Durante sua existência de agosto de 1929 até o seu falecimento em 30 de janeiro de 2019, presenciou avanços tecnológicos, guerras e mudanças de governo. Ainda criança ingressou no Seminário Franciscano, foi professor de filosofia, de francês, falava cinco idiomas, era pintor, escultor e adorava a música, tocava piano, violão e violino. Como frei aprendeu a doar a vida para o próximo e por onde passou deixou a sua marca.

Na Bahia onde atuou, fazia homilias fortes e procurava mostrar aos trabalhadores da colheita de cacau, que não deviam aceitar a vida de quase escravidão, o que gerou descontetamento dos fazendeiros e era comum vê-los nas missas portando armas, o que não intimidou Frei Agnelo.

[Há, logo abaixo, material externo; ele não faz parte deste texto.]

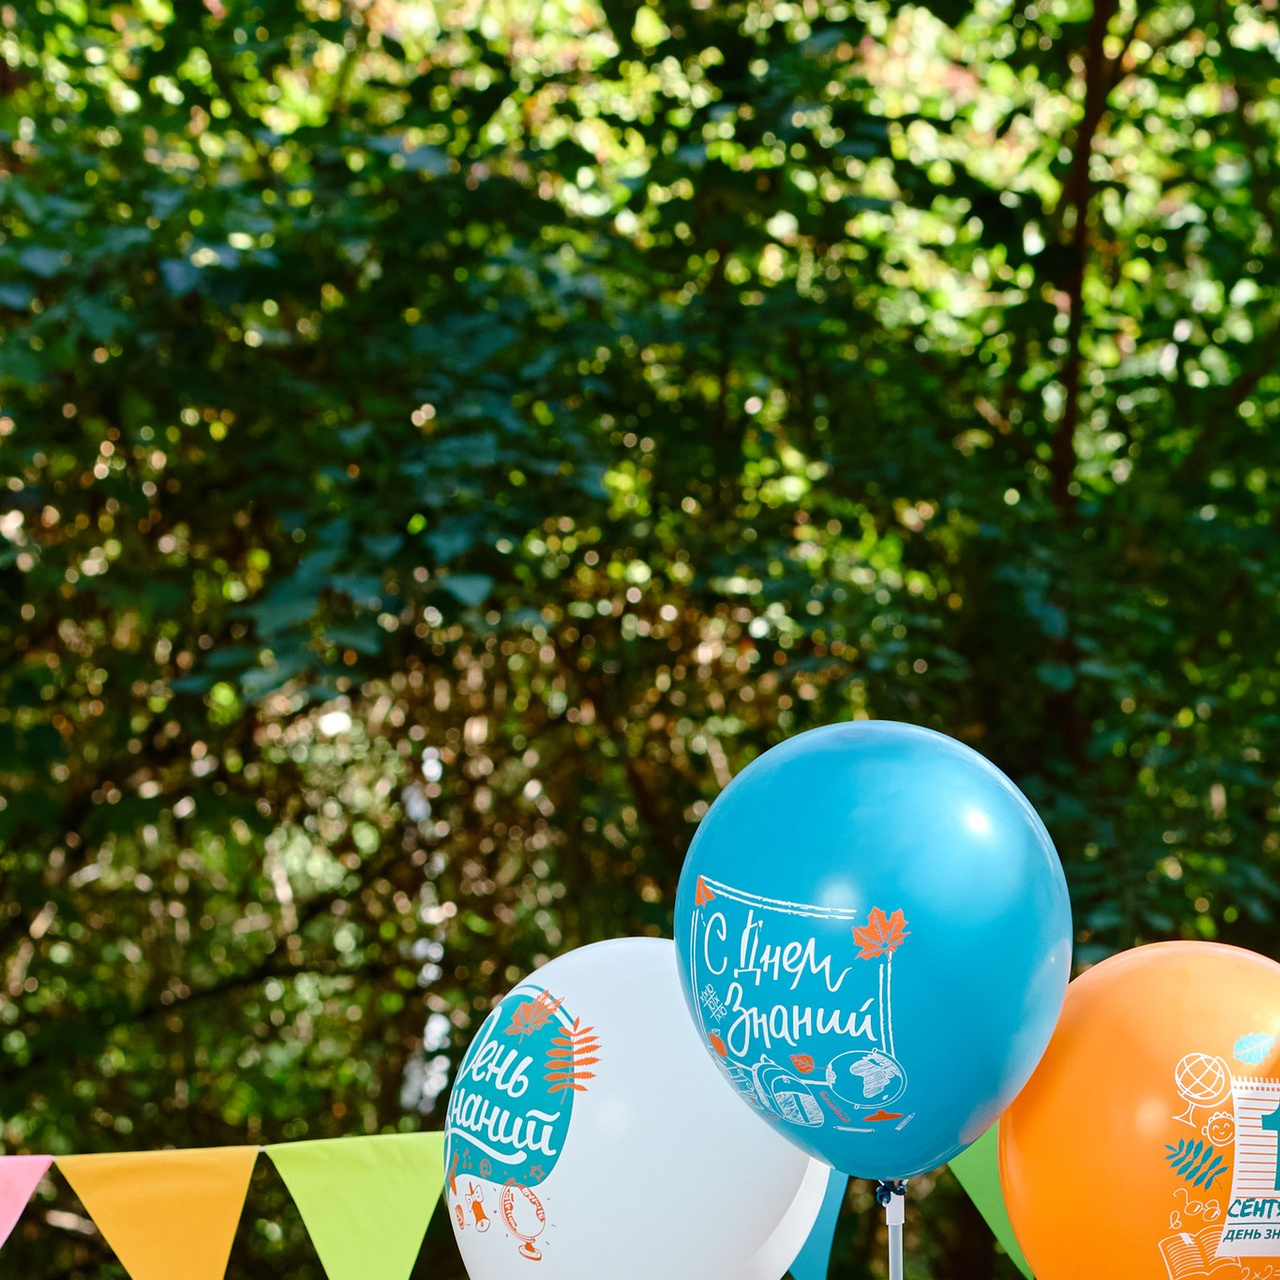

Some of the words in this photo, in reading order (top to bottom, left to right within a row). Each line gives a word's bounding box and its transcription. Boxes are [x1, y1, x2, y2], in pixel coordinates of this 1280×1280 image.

[704, 912, 728, 975] С
[724, 981, 878, 1057] Знаний
[447, 1087, 561, 1156] наний
[1222, 1228, 1262, 1242] ДЕНЬ

Na ditadura foi preso, acusado de subversão porque lutava pela liberdade de expressão e menos desigualdade social. Após um ano foi inocentado, foi quando os irmãos que já moravam no sul, resolveram trazê-lo para Curitiba onde ele continuou fazendo homilias com o mesmo teor de crítica. Foi quando seus superiores o orientaram para que parasse.
Ele tinha uma grande amiga, Cléa, uma professora que morava em São Paulo com a qual se correspondia. Ao saber da situação, a professora foi para Curitiba para apoiá-lo, mas não queria influenciá-lo porque sabia que ele também gostava muito dela, mas tinha um propósito em sua vida que era a igreja e a comunidade. Quando seus superiores decidiram que seu propósito tinha sido cumprido, ele pediu permissão ao Papa em Roma e recebendo a dispensa do sacerdócio, foi atrás de Cléa em São Paulo para pedi-la em casamento. Aceitando, foram morar em Curitiba, próximo à família dele. Tiveram dois filhos, Geisa e Dinho.

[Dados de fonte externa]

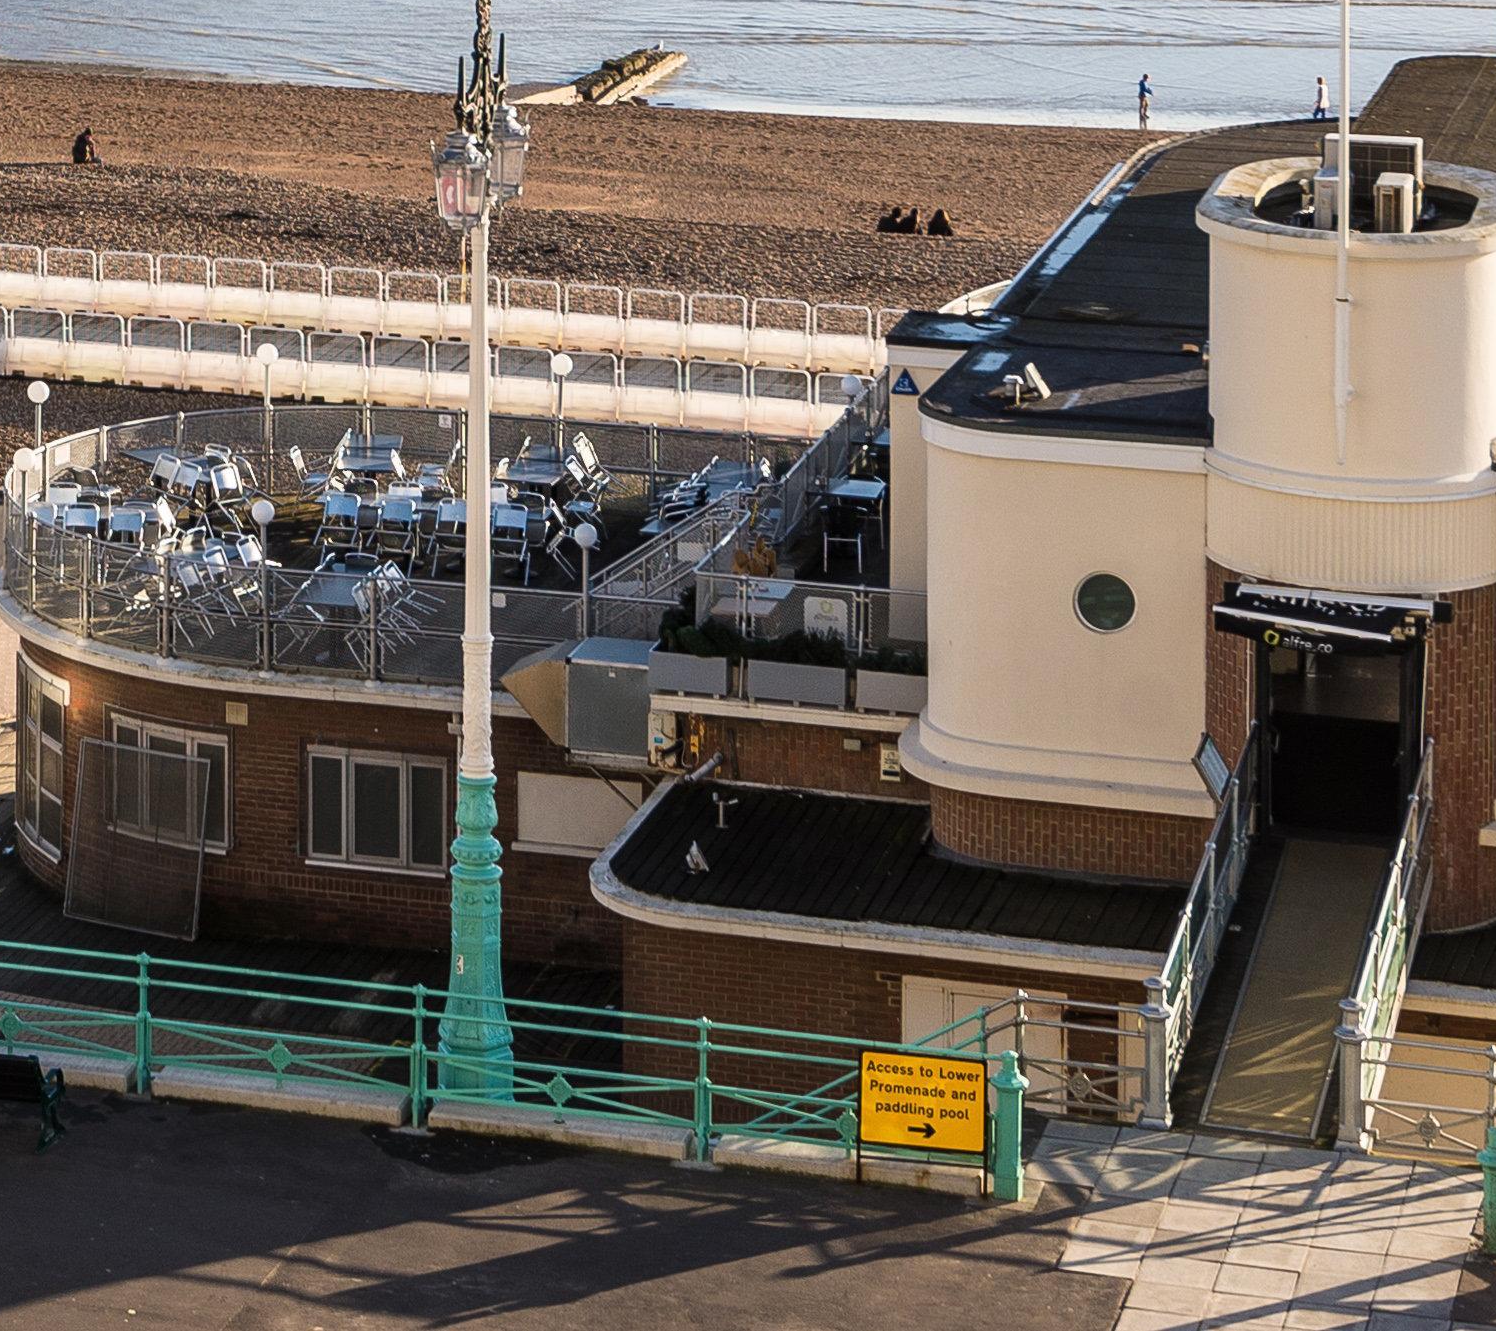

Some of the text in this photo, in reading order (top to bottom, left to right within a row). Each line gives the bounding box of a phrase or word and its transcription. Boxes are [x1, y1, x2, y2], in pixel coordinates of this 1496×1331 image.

[1282, 636, 1333, 654] alfreco
[866, 1060, 980, 1083] Access to Lower
[870, 1079, 976, 1102] Promenade and
[875, 1101, 970, 1120] paddling pool
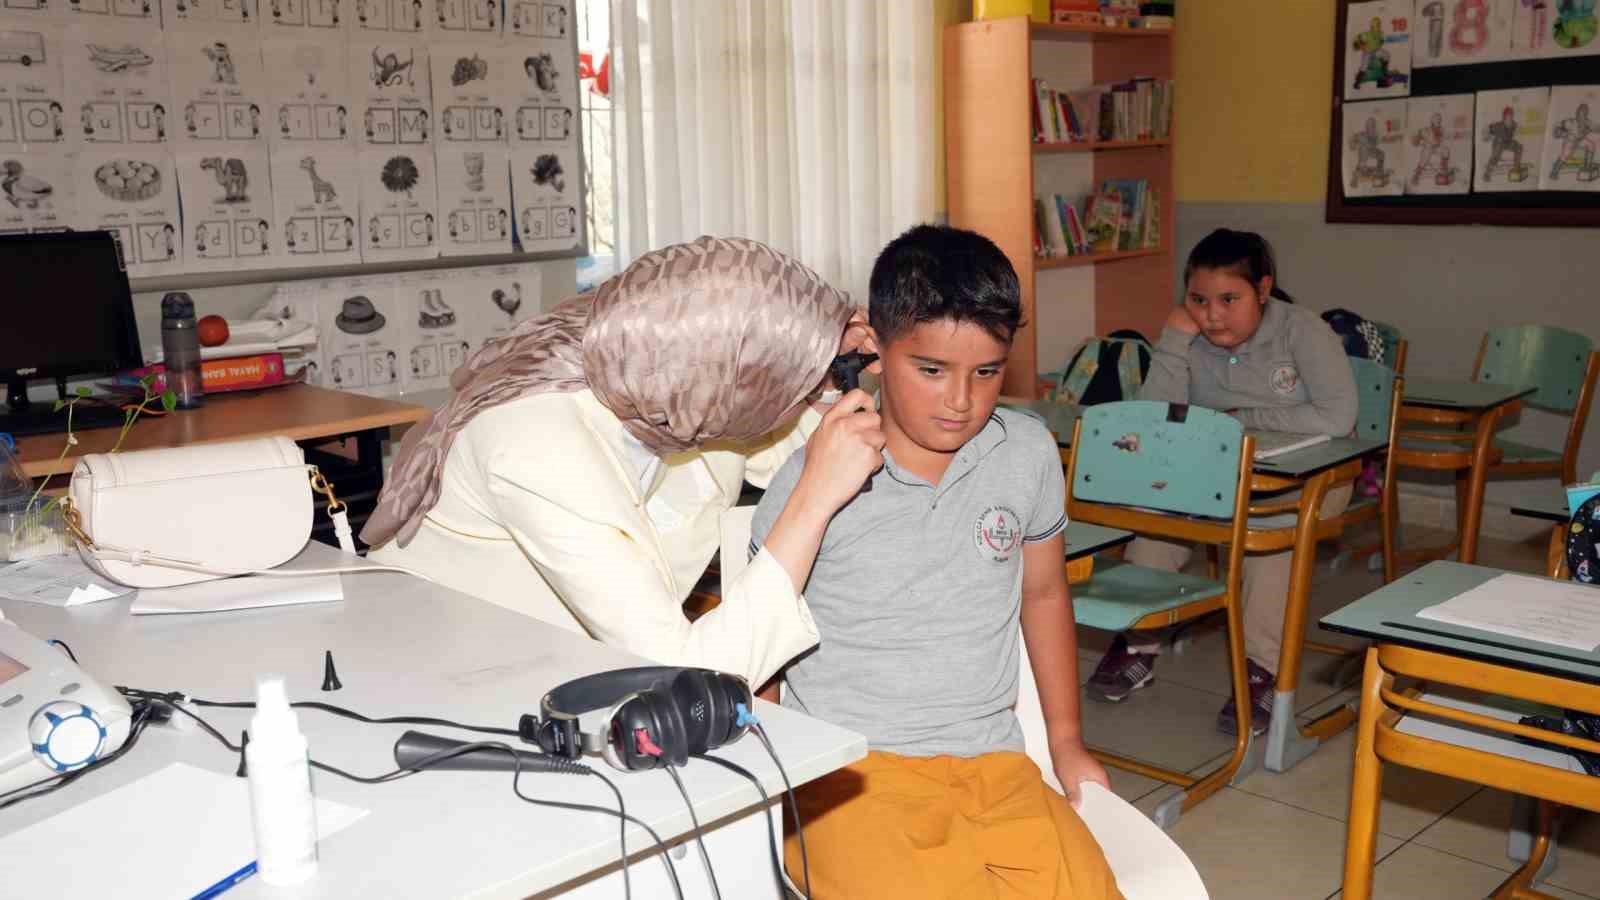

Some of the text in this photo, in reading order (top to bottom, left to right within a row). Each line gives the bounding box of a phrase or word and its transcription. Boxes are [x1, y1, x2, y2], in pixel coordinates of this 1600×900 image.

[28, 108, 49, 128] O
[101, 111, 150, 129] u U
[203, 109, 246, 128] r R
[377, 116, 419, 133] m M
[550, 113, 560, 128] S
[327, 222, 341, 241] Z
[461, 214, 497, 232] b B
[145, 231, 160, 249] Y
[212, 225, 256, 246] d D
[422, 358, 432, 372] p

Geraldo Vieira Bomfim atuou como vendedor e corretor de imóveis e quando se aposentou, o filho Dinho que trabalhava na empresa Clicherlux com filial em Curitiba foi transferido para Valinhos, ao visitá-lo Geraldo e Cléa ficaram encantados com a cidade, venderam a casa em Curitiba e compraram uma em Valinhos.

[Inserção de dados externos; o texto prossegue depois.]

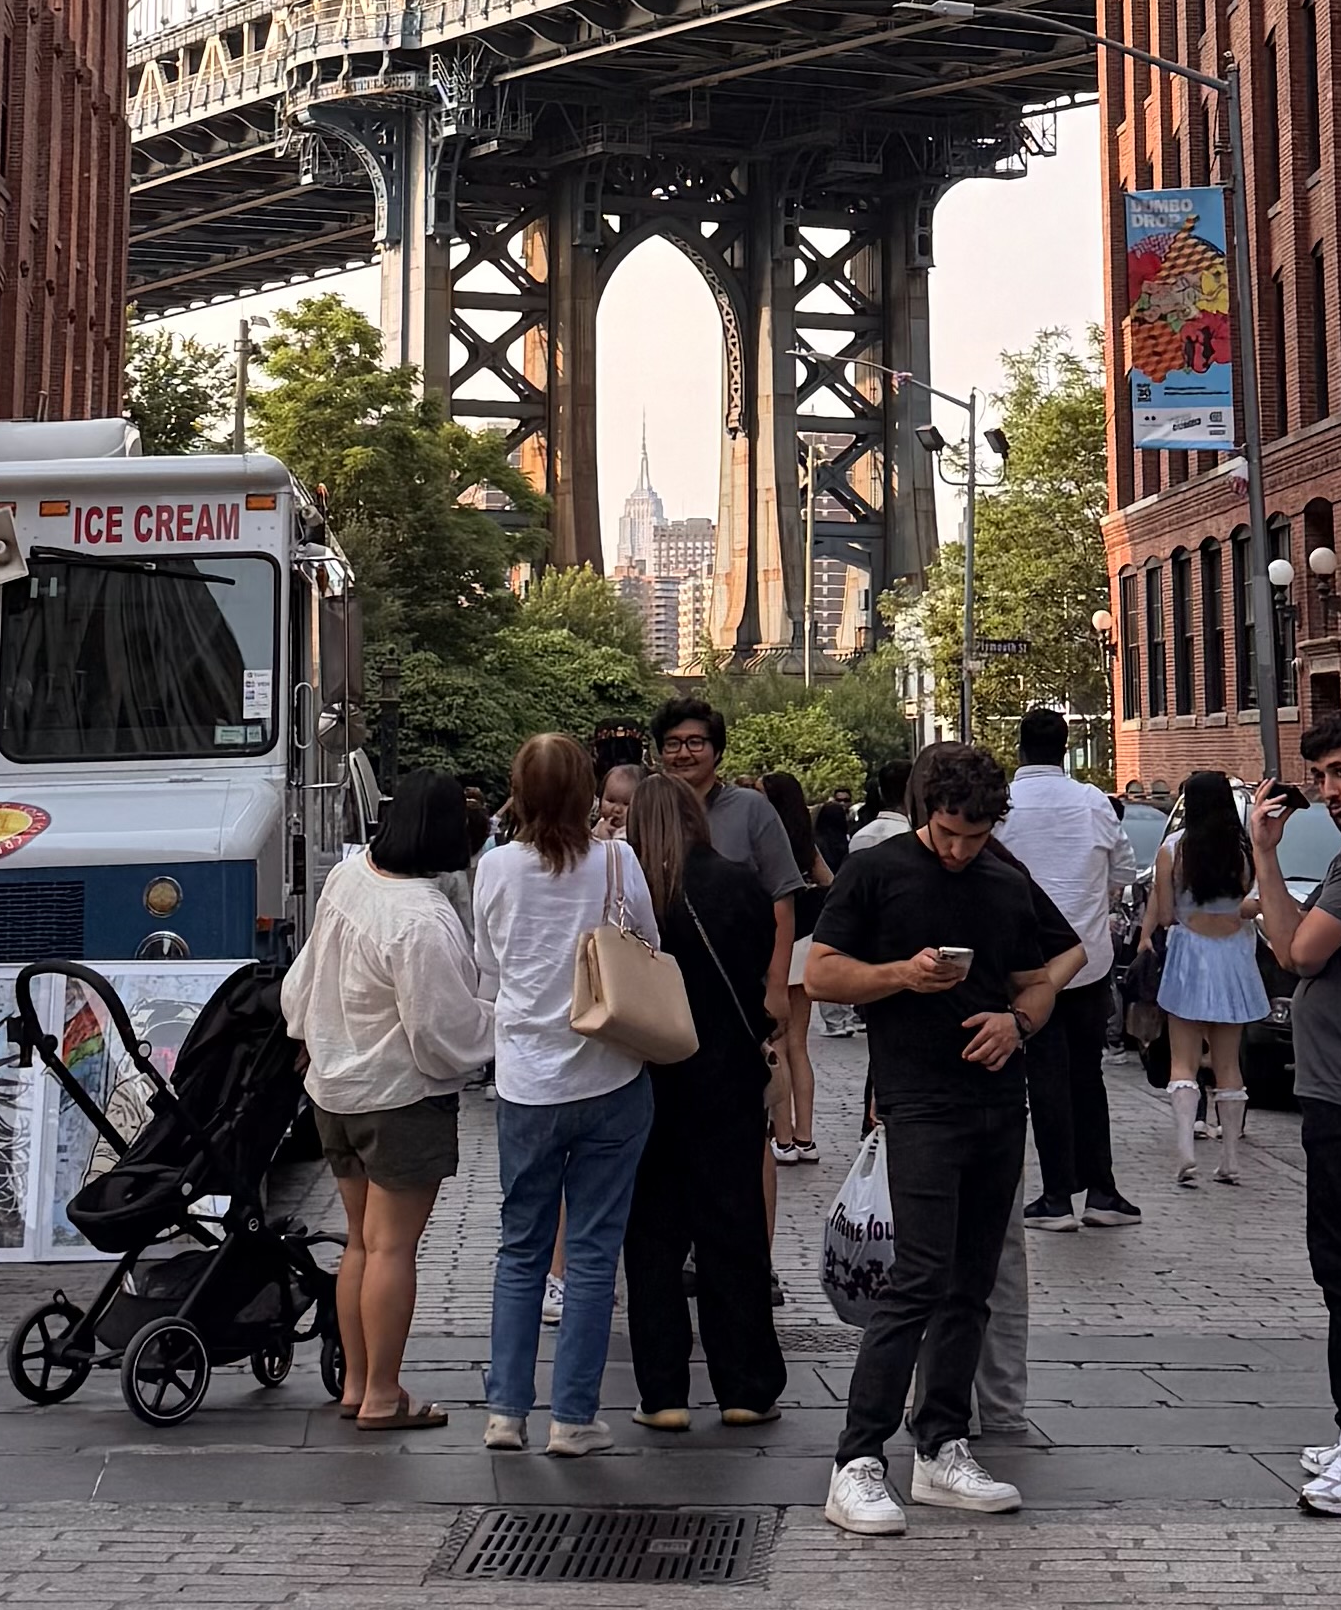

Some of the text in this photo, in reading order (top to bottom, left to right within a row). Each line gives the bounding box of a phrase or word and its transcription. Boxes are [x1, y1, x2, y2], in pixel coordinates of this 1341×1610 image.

[1130, 198, 1194, 213] DUMBO
[1131, 213, 1181, 228] DROP
[74, 503, 240, 545] ICE CREAM

Logo foi se adaptando à vida e conheceu a Associação dos Aposentados onde era frequentador, gostava dos papos como saudoso presidente Ovídio Vacari. Aqui viveu cerca de 20 anos.

Sabendo de seus dotes artísticos com trabalhos pouco divulgados e conhecidos, especialmente em Valinhos e que estão espalhados por diversos países e estados, Sr Ovídio pediu que pintasse um quadro da Praça Brasil 500 anos, onde retratou o obelisco e sua família, a esposa, filha, genro e netos.

O quadro está na sala da diretoria, exposto a todos que visitam a Associação e como disse o atual presidente José Carlos Cazzacio é uma lembrança de um sócio que fez questão de que toda família se associasse, valorizando o trabalho e servindo de exemplo para outras pessoas.

A filha Geisa Salati, que vive em Atlanta no EUA, disse que o pai nunca gostou do alarde e por gostar da Associação dos Aposentados resolveu fazer um presente. “Estou longe, mas também sou sócia da AAPV, minha mãe dizia que era importante ajudar e apoiar, da próxima vez que eu for ao Brasil e aproveitar Valinhos, cidade que amo muito, vou renovar a minha carteirinha e matar saudades dessa obra tão especial feita pelo meu pai”.

O filho de Geraldo Bomfim – Dinho Bomfim, músico, designer, cinegrafista contou a história do pai no Festival Aldir Blanc de Valinhos e disse emocionado que o pai não almejou ficar rico e nem famoso com suas obras, pintava por paixão e seu desejo é que Valinhos pudesse valorizar os seus artistas e os chegam aqui, para que não fiquem no anonimato ou que suas obras se percam. “Temos galeria e um museu que poucas pessoas conhecem , mas temos tantas manifestações de artes, que a cidade já merece ter um teatro, eu espero sinceramente que os artistas sejam valorizados em vida e que não se espere que eles deixem o nosso convívio para o seu reconhecimento”, finaliza Dinho Bomfim.